Christophe Morat en 2005. — AFP

Au premier jour de son procès lundi devant les assises des Bouches-du-Rhône, un homme accusé d'avoir sciemment contaminé l'une de ses partenaires sexuelles avec le VIH et déjà condamné pour des faits similaires, a été décrit comme «sociable, joyeux» mais aussi «affabulateur», «immature» et «égocentrique».

Christophe Morat, 40 ans, est poursuivi pour «administration volontaire de substances nuisibles ayant entraîné une mutilation ou une infirmité permanente, avec préméditation et en état de récidive légale».

En état de récidive

En janvier 2005, la cour d'appel de Colmar avait confirmé sa condamnation à six ans de prison ferme pour avoir contaminé deux de ses partenaires sexuelles.

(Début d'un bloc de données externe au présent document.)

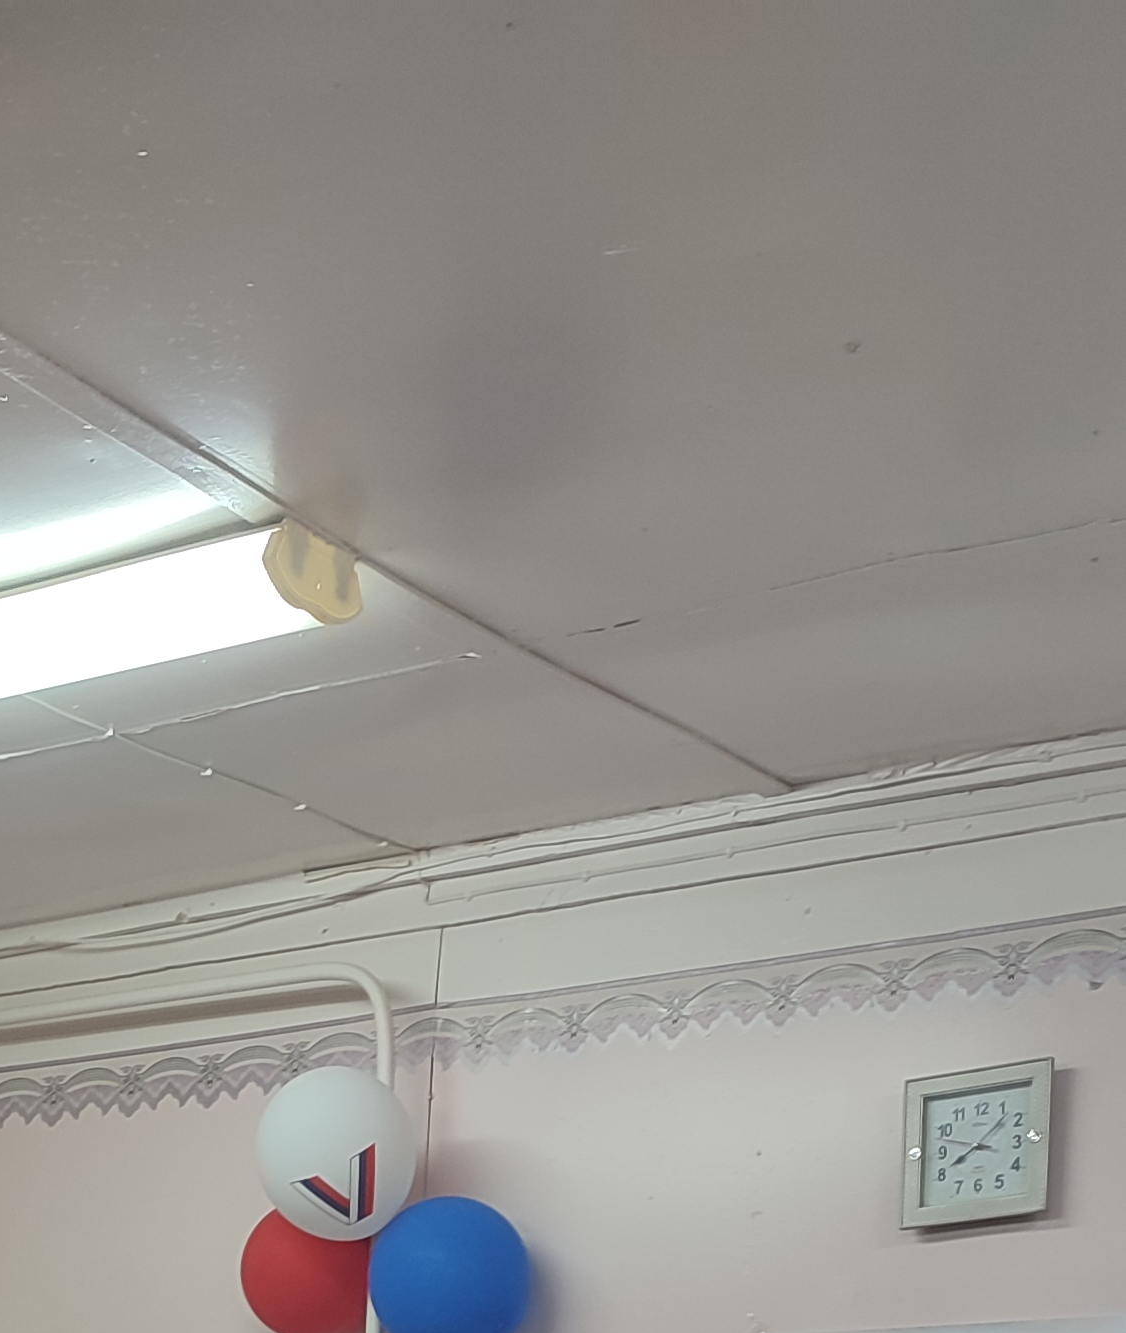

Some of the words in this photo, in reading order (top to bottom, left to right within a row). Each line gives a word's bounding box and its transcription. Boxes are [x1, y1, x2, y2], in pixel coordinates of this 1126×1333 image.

[952, 1107, 966, 1122] 11
[974, 1101, 990, 1115] 12
[998, 1101, 1006, 1115] 1
[1013, 1112, 1023, 1127] 2
[937, 1123, 953, 1138] 10
[1012, 1134, 1022, 1150] 3
[938, 1145, 948, 1160] 9
[1010, 1157, 1021, 1172] 4
[937, 1168, 947, 1182] 8
[994, 1174, 1005, 1189] 5
[953, 1180, 964, 1195] 7
[974, 1178, 983, 1192] 6
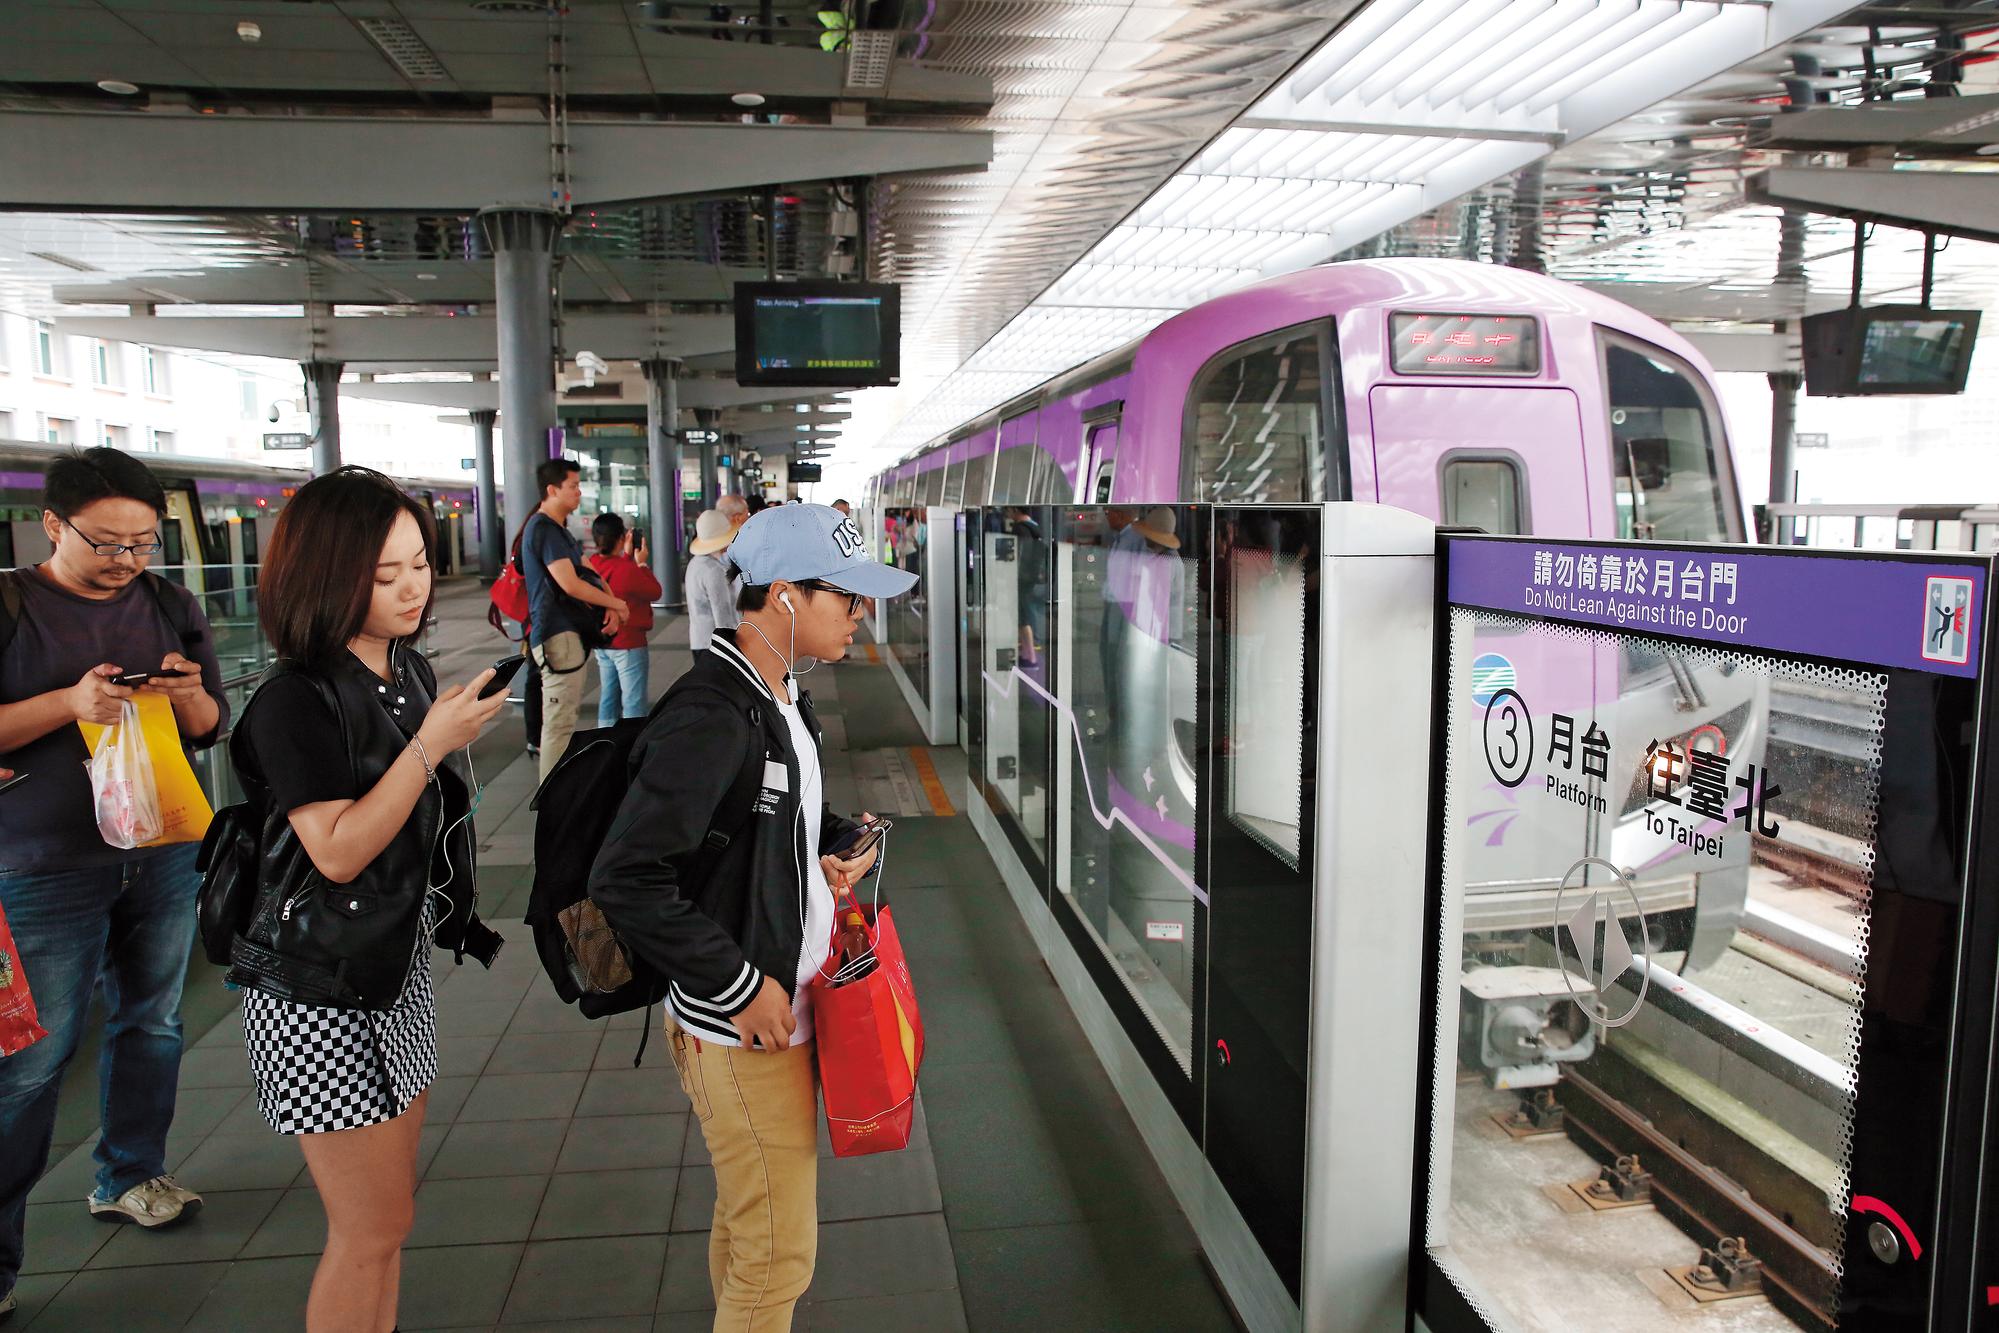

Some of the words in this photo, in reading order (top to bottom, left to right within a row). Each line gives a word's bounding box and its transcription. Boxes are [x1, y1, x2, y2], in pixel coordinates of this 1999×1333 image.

[1533, 550, 1739, 605] 請勿倚靠於月台門
[1525, 587, 1542, 607] Do
[1545, 589, 1567, 611] Not
[1570, 591, 1604, 616] Lean
[1607, 596, 1666, 624] Against
[1670, 604, 1697, 629] the
[1702, 607, 1748, 635] Door
[1546, 712, 1612, 783] 月台
[1546, 774, 1607, 814] Platform
[1644, 737, 1782, 839] 往臺北
[1643, 808, 1664, 836] To
[1667, 816, 1724, 859] Taipei
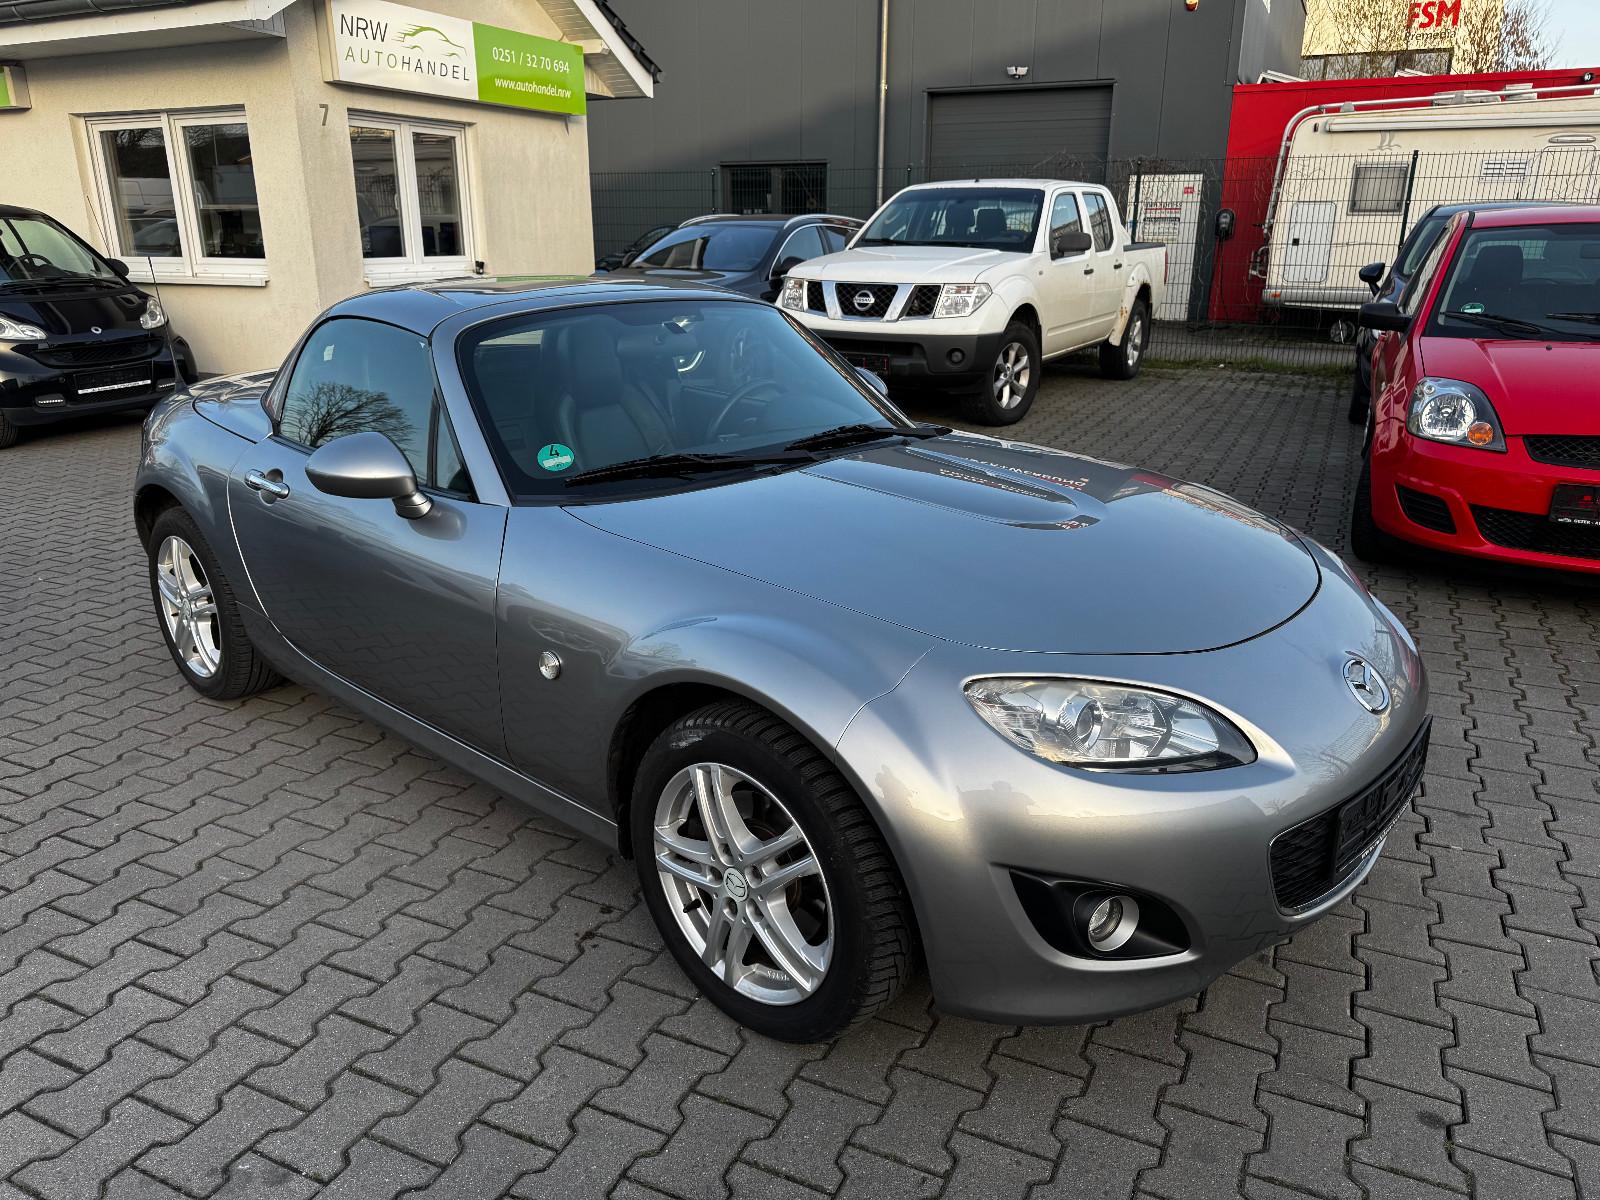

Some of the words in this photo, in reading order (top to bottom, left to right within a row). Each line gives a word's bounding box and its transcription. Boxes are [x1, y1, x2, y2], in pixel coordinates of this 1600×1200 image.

[1407, 0, 1461, 28] FSM
[341, 14, 388, 42] NRW
[345, 46, 470, 81] AUTOHANDEL
[492, 47, 515, 63] 0251
[519, 51, 524, 65] /
[526, 53, 538, 68] 32
[540, 56, 551, 71] 70
[553, 60, 570, 74] 694
[494, 77, 572, 98] www.autohandel.nrw
[319, 103, 329, 126] 7
[550, 444, 560, 457] 4

Ce chauffeur de bus, informé de sa séropositivité depuis 1998, travaillait à Istres entre 2009 et 2012, au moment des faits. Actuellement en détention, il est de nouveau accusé d'avoir contaminé l'une de ses partenaires sexuelles, avec laquelle il a eu une relation suivie.

Cette femme, qui ignorait au départ la séropositivité de son amant, a continué à être sa partenaire même après avoir appris son état. D'abord avec préservatif, puis sans.

Elle a finalement été contaminée. «Il l'avait rassurée en disant qu'elle ne risquait rien parce qu'il n'éjaculait pas en elle», a expliqué un enquêteur à la barre.

«Affabulateur»

Il est également reproché à l'accusé d'avoir «administré volontairement des substances ayant porté atteinte à l'intégrité psychique» de cinq autres femmes, qui, elles, n'ont pas été contaminées malgré des rapports non protégés.

L'enquêteur de personnalité a décrit un homme contrasté et marqué par une enfance difficile. Un homme en apparence «sociable, joyeux, apprécié» dans le cadre de son travail mais aussi «affabulateur» par une partie de son entourage. Son placement dans une famille d'accueil a provoqué «un sentiment de rejet et d'abandon derrière lequel il a tendance à se réfugier pour justifier ses actions».

«J'ai craqué»

La présidente de la cour d'assises a longuement exposé les faits, rappelant les multiples relations qu'entretenait l'accusé entre 2008 et 2012. Ces relations ont pris fin lorsqu'une des jeunes femmes a porté plainte après avoir découvert sur internet l'histoire de Christophe Morat. D'une voix hésitante, l'accusé a d'ailleurs «reconnu» avoir eu des rapports avec cinq de ces femmes sans les avoir averties de sa séropositivité.

A la présidente qui l'interroge sur les raisons qui l'ont poussé à avoir ces relations multiples, alors même qu'il avait reconnu avoir trouvé une compagne qui ne l'avait pas rejeté en apprenant sa maladie et qu'il «aime», il explique «avoir eu un moment de faiblesse». «J'ai été inconscient, j'ai pas réfléchi à ce que je faisais, j'ai craqué», se justifie-t-il.

Il encourt, dans le cas de sa compagne contaminée, 30 ans de réclusion criminelle, du fait de l'état de récidive, avec la circonstance aggravante de la préméditation.